子供の頃に読んだ怖い漫画が今でも記憶に残っているという読者は多いのではないでしょうか?近年も数多くのホラー漫画が生まれていますが、今回はそんな日本のホラーマンガの礎を築いた二人のホラー漫画家にご登場いただきます。
お一人は『蔵六の奇病』や『地獄の子守唄』などを生み出し、”ホラー漫画の帝王”と呼ばれる日野日出志先生、もうお一方は『不思議のたたりちゃん』などで知られる”ホラー漫画の女王” 犬木加奈子先生です。
お二人は、この夏の8月3日から14日の期間、中野ブロードウェイ3階の「墓場の画廊」で『地獄のたたり展』を開催されます。
本対談では、『地獄のたたり展』のことや先生方のご作品の創作秘話、怪談話まで、あらゆることをお話しいただき、お二人の魅力がたっぷり詰まった対談となりました。今までホラー漫画を読んだことがない方や、あまり興味がなかった方もこの機会にホラー漫画の世界に触れてみてはいかがでしょうか?今まで見えなかった世界がきっと待っているはずです。
この日常って本当に正常なのかっていう問いかけが俺の漫画の基本
※画像は「死肉の男」より
――本日はお忙しいところ、どうもありがとうございます。改めて、自己紹介というかたちでお名前をお聞かせください。
(日野先生)私の名前は日野日出志。怪奇と血の匂いに取り憑かれた漫画家である。
(犬木先生)あっ、私ですね。私は、犬木加奈子です。ちょっとしばらくの間、と言っても10年近くですが、ほぼ姿を消しておりました。その前までは、一応ホラーの女王といわれて一世を風靡していました。体がね、最近トトロとか周りの教授に言われています(笑)
――ありがとうございます。では早速ですが、ホラー漫画を描き始めたきっかけを教えてください。

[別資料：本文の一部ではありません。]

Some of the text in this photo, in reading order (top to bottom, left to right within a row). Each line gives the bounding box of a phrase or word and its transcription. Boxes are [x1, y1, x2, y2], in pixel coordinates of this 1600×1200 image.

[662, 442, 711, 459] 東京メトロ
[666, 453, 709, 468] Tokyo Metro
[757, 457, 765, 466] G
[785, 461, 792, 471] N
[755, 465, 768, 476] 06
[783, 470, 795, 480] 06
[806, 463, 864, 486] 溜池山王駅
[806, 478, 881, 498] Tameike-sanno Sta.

(犬木先生)ホラー漫画を描き始めたのはやっぱり、ずっと大好きだったからですね。子供の頃に楳図かずお先生とか日野先生とかを読んでて、それがもう怖くって、大好きで。楳図先生の作品は、単純にひたすら「怖い、怖い、怖い」って感じなんですけれど、日野先生の作品は、心をこう、えぐられるような感じなんですよね。でも、それは大人になってきてから、だんだんわかってきました。それこそ実像ホラー漫画っていわれるぐらい、もっと単純に子供だましで脅かしているのではなくって、本当にもっと深い深い意味があったんだなって。ただ子供にもなんとなくそれはわかるんだけれど、そこまでは行きつかないから、なんかやっぱこう、すごーく鋭い刃物で心の奥を抉られるような感覚です…。

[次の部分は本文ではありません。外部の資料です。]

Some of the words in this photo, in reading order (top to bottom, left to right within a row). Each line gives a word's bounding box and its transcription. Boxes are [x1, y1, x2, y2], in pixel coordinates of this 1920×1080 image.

(日野先生)今の話、記事になって読んだらね、号泣もんですよ。
――じゃあ、代表作の『死肉の男』を読んだら、さらに号泣ということで。
(日野先生)『死肉の男』は手短に言うと、最初真っ暗闇の中で気が付くんですよ、自分は誰だろうって、わかんないわけ。で、ただなんか異臭がしてるんだよ。で、洞窟を出ていって漁村に現れるんだけど、皆もう、えーって言って逃げていく。で、なんでだろうと思って、たまたまこういう商店みたいな全面ガラス戸のところに自分の姿がこうね。

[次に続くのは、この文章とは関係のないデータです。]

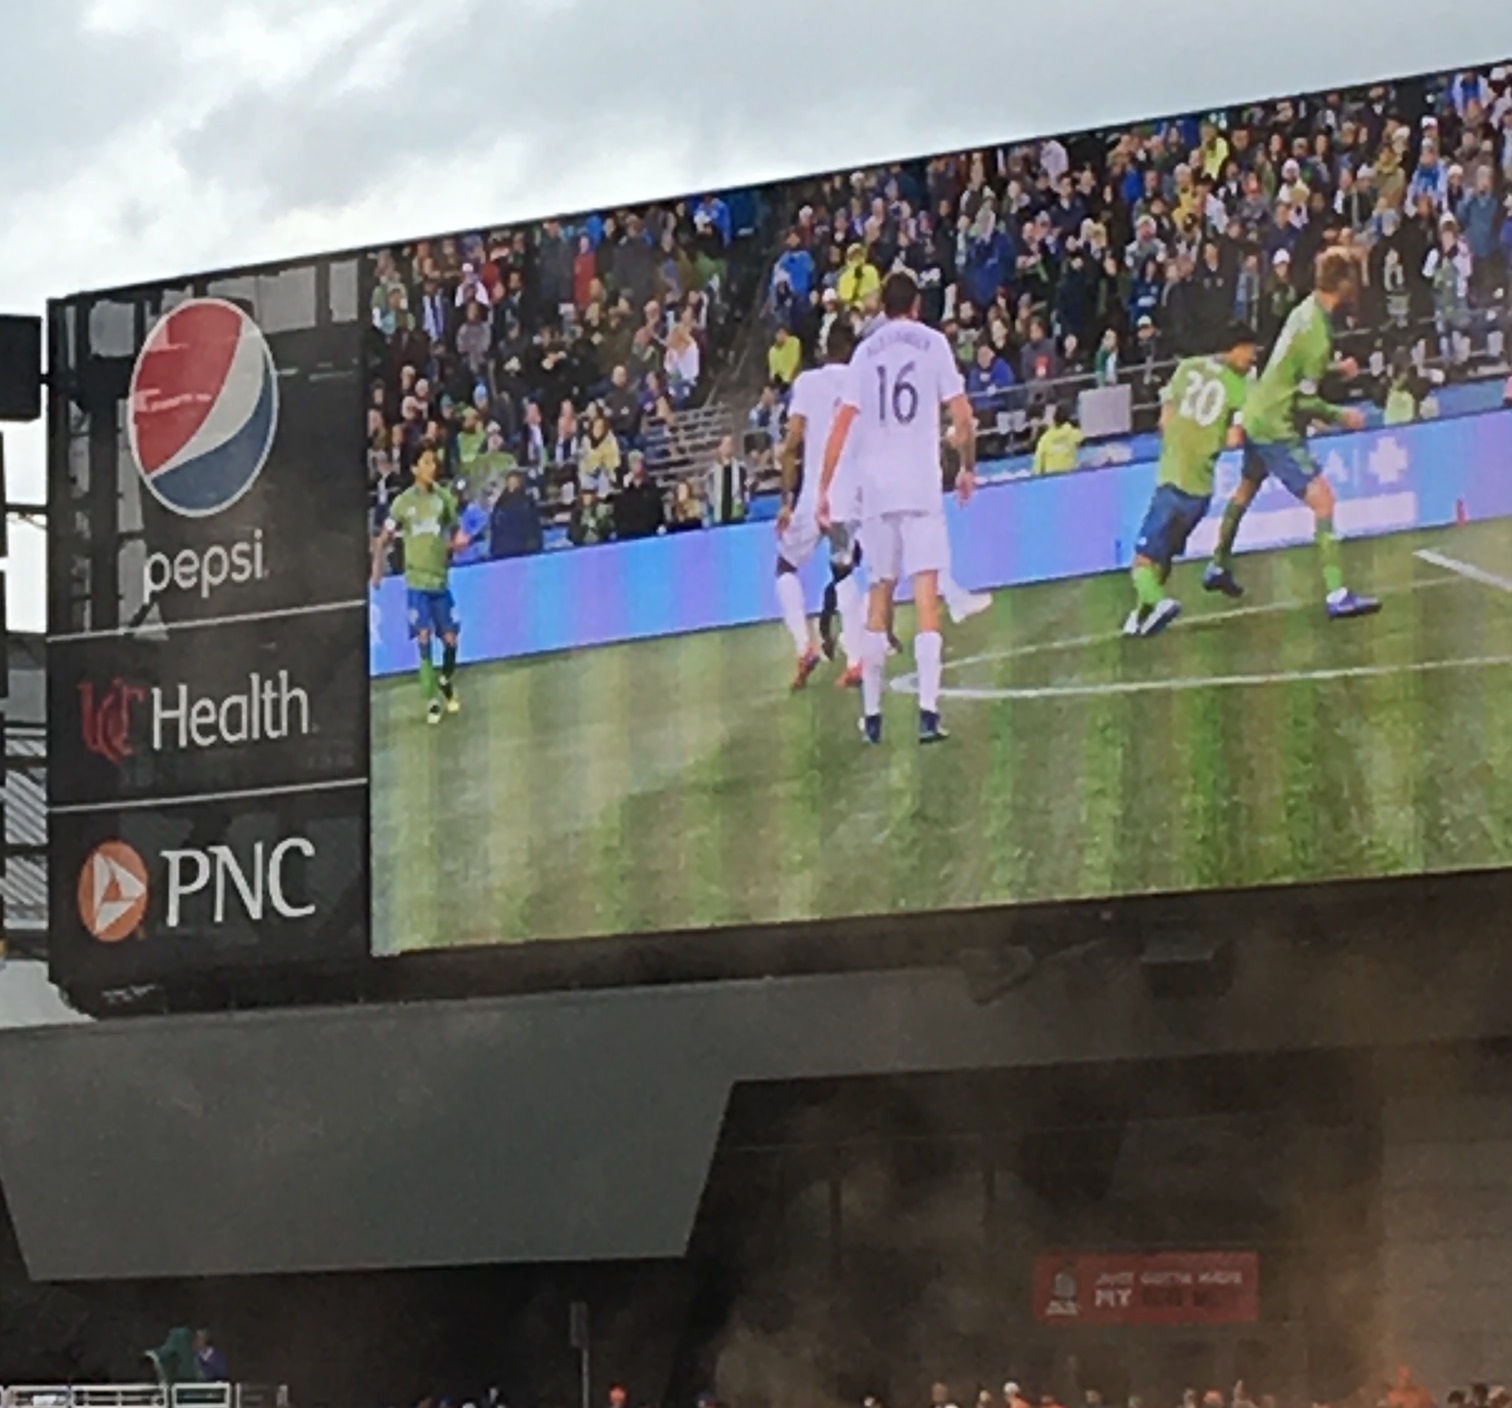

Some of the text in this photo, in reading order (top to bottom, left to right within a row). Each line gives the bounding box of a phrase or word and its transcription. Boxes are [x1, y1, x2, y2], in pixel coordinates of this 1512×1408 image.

[876, 361, 919, 424] 16
[1177, 369, 1226, 427] 20
[143, 528, 264, 603] pepsi
[151, 669, 309, 751] Health
[159, 837, 316, 928] PNC

(犬木先生)あ!なんか覚えてるなあ、思い出してきた。
(日野先生)うん。で、自身でそれを見てうわーってなるわけ。
(犬木先生)もう死んじゃってるんですよね、今でいうゾンビみたいな感じで。
(日野先生)それが大騒ぎになって警察に捕まって、それを聞いたある研究所の博士が引き取るわけ。で、そこでまあ、当然死人だよね、脈拍もないし、すべての生体反応がないわけだから。研究材料として、色々やられるんだけれどもそこを逃げ出しちゃうのよ。逃げ出す時に、人を突き飛ばすんだけど、その人が死んじゃうのね。で、警察にも追われることになって。逃げ回っているうちに、自分が何者であるか知りたくなるわけよ。だから本能に導かれるようにある図書館で過去の新聞を見るわけ。そこに「海洋冒険家◯◯さん遭難、行方不明!」って出てるわけ。それで思い出しちゃうのよ。嵐で結局ヨットがダメになっちゃって切れ端にこう捕まりながら、「あーもう自分はダメだ、これは無理だっ」て。ペンダントを持っていて、カチッて開けると父と母と妻と子供の写真があるんだけど、そのペンダントを飲み込むの。それで海へ沈んで行くんだけど、そこを思い出すの。そこで、「あの海洋冒険家のあの人だ」っていう事になる。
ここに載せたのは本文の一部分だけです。